In this case study, Gil gives a short description of the design philosophies behind Ed, a system for producing online digital editions. These design philosophies focus on the concept of minimal computing, which includes a holistic analysis of overall system costs in creating and, as importantly, maintaining online resources. The minimal computing approach analyzes these overall costs in the context of historical and current global inequalities in access to resources, including technologies, and suggests a way forward that increases local control while decreasing long-term maintenance costs.
This case study looks at an important benchmark in the development of Mapping Violence, a digital project interested in histories and records of state-sanctioned racial violence on the Mexico/Texas border in the early twentieth century. Specifically, it focuses on work completed in the summer of 2016 with a team of undergraduates at Brown University, documenting some of the collaborative, iterative, pedagogical, and ethical dimensions of the project’s ideas of data, interface, and audience.
This case study focuses on software development in collaboration with Indigenous communities in the U.S. and Australia, outlining the experience of Mukurtu system designers. Mukurtu is a digital content management system (CMS) originally developed in collaboration with Warumungu Aboriginal community members and built upon Warumungu knowledge systems.

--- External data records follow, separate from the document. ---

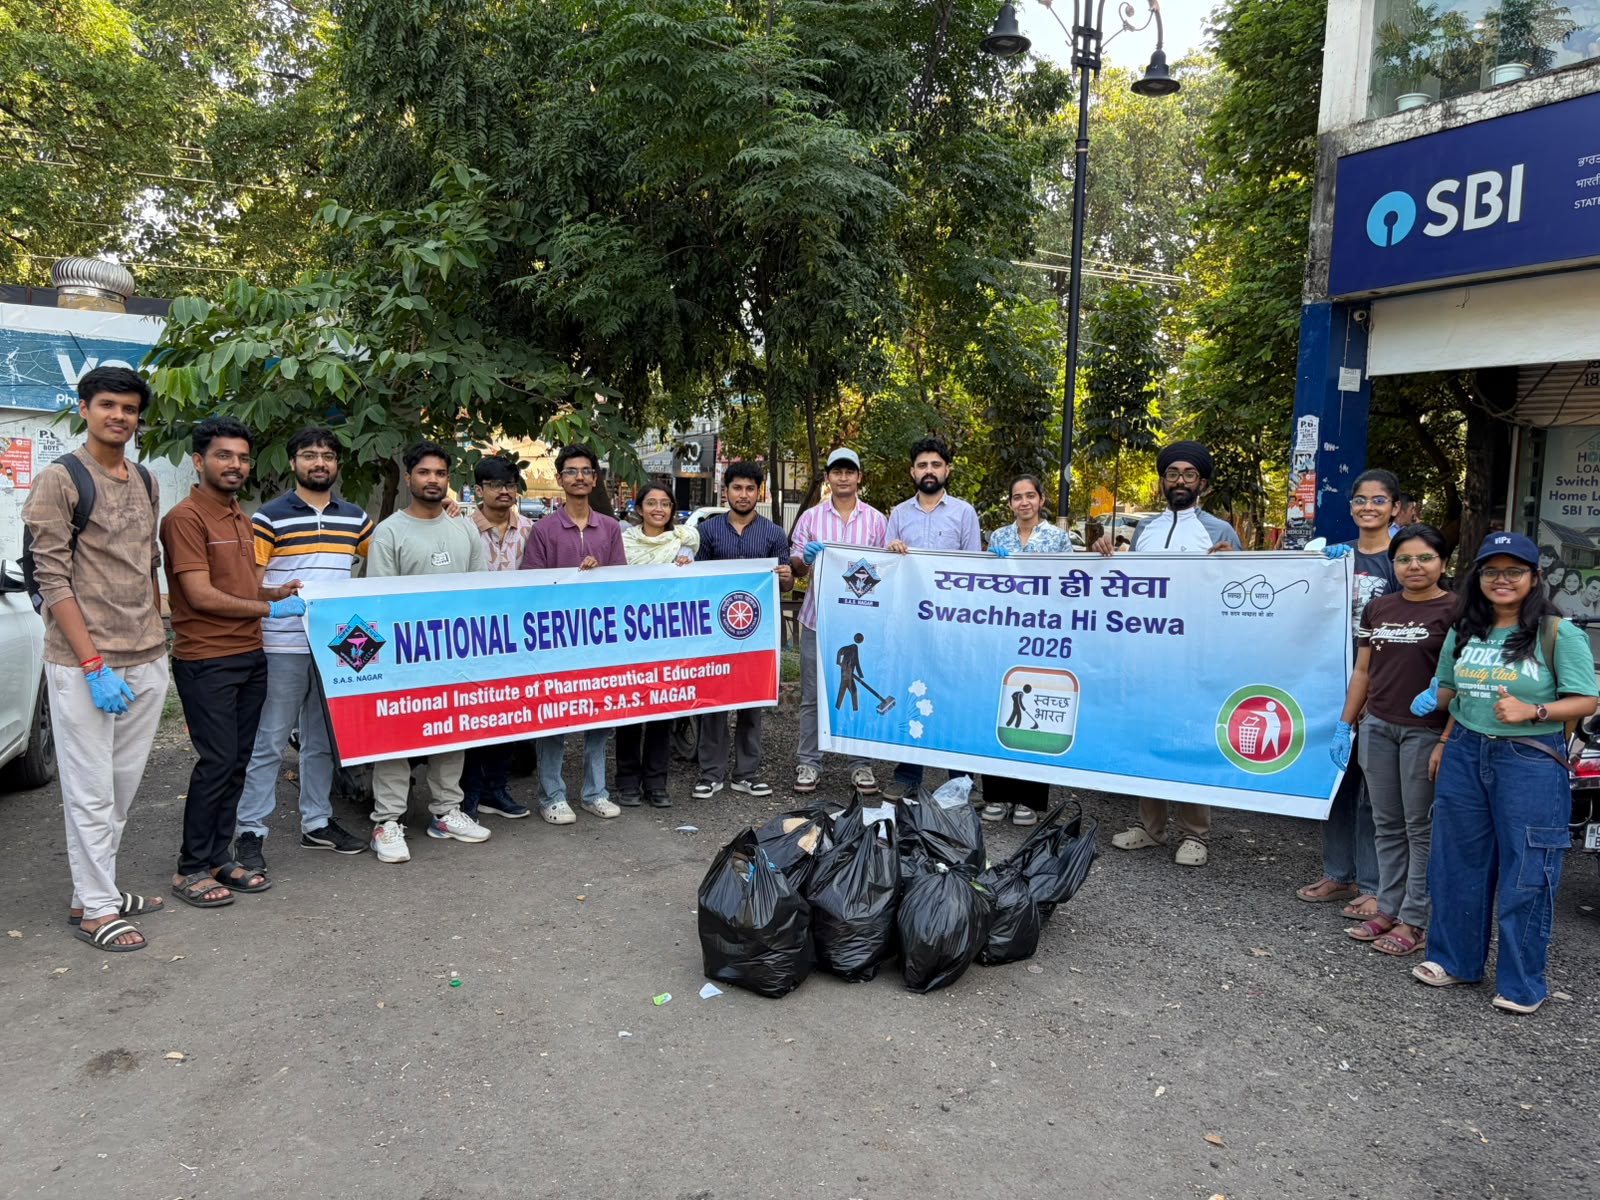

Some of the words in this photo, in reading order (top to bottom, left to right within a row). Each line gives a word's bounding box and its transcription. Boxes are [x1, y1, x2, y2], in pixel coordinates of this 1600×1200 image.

[1422, 163, 1525, 237] SBI
[1555, 475, 1598, 487] Switch
[1549, 490, 1588, 501] Home
[1562, 504, 1582, 516] SBI
[934, 570, 1051, 596] स्वच्छता
[1058, 568, 1093, 598] ही
[1100, 569, 1170, 599] सेवा
[917, 599, 1062, 630] Swachhata
[1071, 609, 1097, 632] Hi
[1105, 609, 1185, 636] Sewa
[393, 613, 518, 665] NATIONAL
[523, 606, 618, 652] SERVICE
[624, 599, 713, 642] SCHEME
[1018, 636, 1073, 659] 2026
[333, 676, 355, 685] S.A.S.
[356, 673, 383, 682] NAGAR
[1491, 667, 1518, 681] Club
[376, 691, 448, 718] National
[453, 684, 520, 708] Institute
[525, 680, 540, 698] of
[544, 668, 659, 696] Pharmaceutical
[663, 661, 731, 683] Education
[422, 715, 453, 737] and
[459, 705, 532, 732] Research
[537, 698, 599, 724] (NIPER),
[603, 691, 645, 712] S.A.S.
[649, 685, 697, 705] NAGAR
[1034, 694, 1071, 709] स्वच्छ
[1034, 708, 1067, 723] भारत

This case study discusses a project that deals directly with building long-term sustainability into digital projects, with particular attention to the socio-cultural challenges of the project. This was the foundational principle built into the subsequent web-based resource eventually named the Socio-Technical Sustainability Roadmap (STSR).
This case study provides a concrete example of the gaps that can occur in standard cataloging practices and their impact on information seeking. It explores an instance of using Linked Open Data (LOD) technologies to address representation gaps, uncovering both opportunities and risks when such interlinking relies on standard vocabularies, which typically represent only mainstream narratives.

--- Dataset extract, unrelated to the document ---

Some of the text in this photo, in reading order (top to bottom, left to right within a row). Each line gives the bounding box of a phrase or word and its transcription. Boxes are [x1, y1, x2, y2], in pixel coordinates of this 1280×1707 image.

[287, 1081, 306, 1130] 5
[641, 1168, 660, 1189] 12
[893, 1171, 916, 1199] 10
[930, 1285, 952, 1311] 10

This case study describes the development of a digital collection focused on a federal detention facility for Native Americans, where the project managers were not from a Native American background. They describe their process of working closely with representatives from the Keepers of the Canton Native Asylum Story, a group of Native Americans stewarding the history and legacy of the asylum in South Dakota, and how they worked to make sure the digital collection and its display are in service to the Native cultural perspective.

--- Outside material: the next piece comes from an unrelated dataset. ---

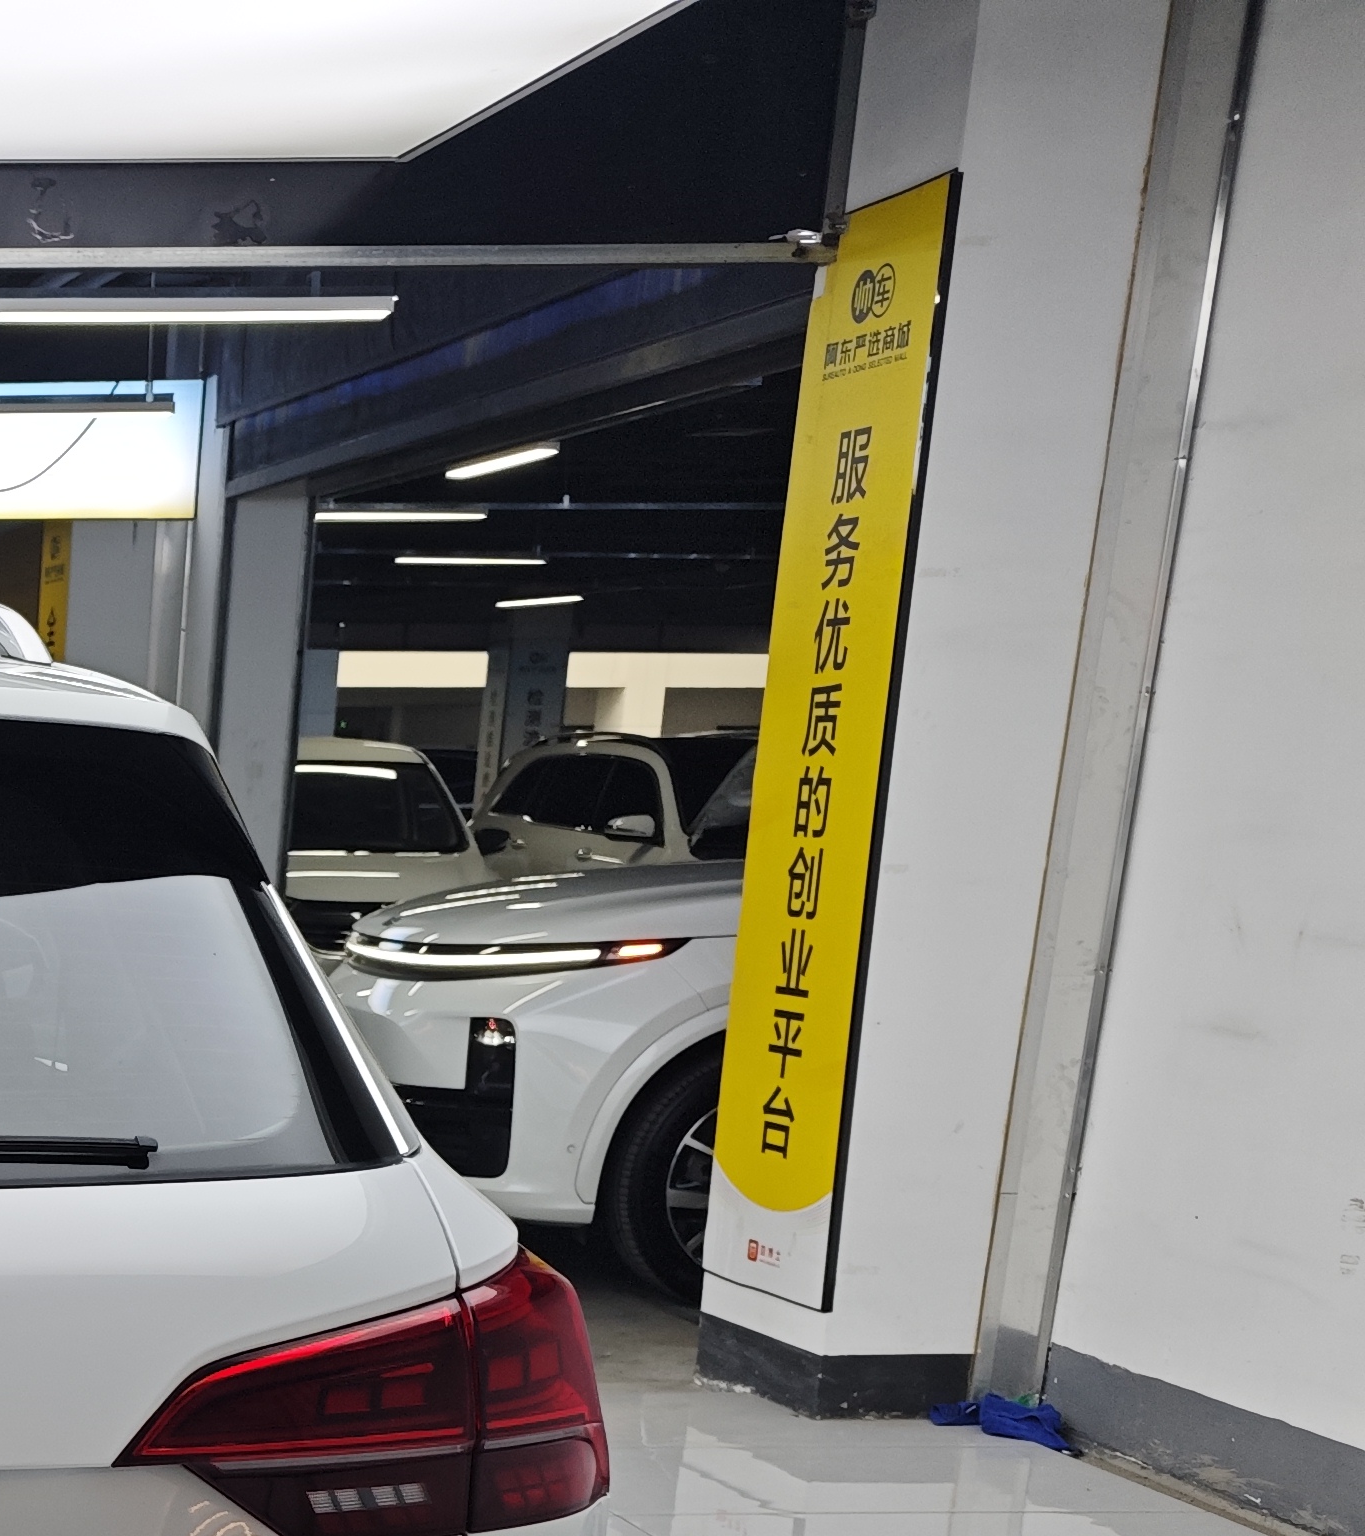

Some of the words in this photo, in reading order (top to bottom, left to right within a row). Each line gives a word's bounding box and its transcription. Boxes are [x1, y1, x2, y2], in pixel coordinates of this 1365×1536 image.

[824, 320, 911, 370] 阿东严选商城
[761, 426, 872, 1159] 服务优质的创业平台

This case study discusses the key decisions in adopting standards and technologies for a digitization project, in dialogue with ongoing scholarship around minimal computing and minimal editions. It has a specific focus on choices that affect long-term preservation and access, including efforts to enable offline use of the archive in order to increase its availability to a larger number of communities with variable access to the Internet.
This case study discusses a Participatory Design pilot project at Montana State University: User Experience with Underrepresented Populations (UXUP), in which Native American students and a librarian co-created a new community outreach tool. It provides an in-depth view into the UXUP design process, with further discussion of outcomes, limitations, assessments, and recommendations for implementing Participatory Design practices with Indigenous communities.
This case study describes a project undertaken at the University of Minnesota Libraries to digitize materials related to African American materials across the Universities holdings, and to highlight materials that are otherwise undiscoverable in existing archival collections. It explores how historical and current archival practices marginalize material relevant to African American history and culture, and how a mass digitization process can attempt to highlight and re-aggregate those materials. The details of the aggregation process — e.g. the need to use standardized vocabularies to increase aggregation even when those standardized vocabularies privilege majority representation — also reveal important issues in mass digitization and aggregation projects involving the history of marginalized groups.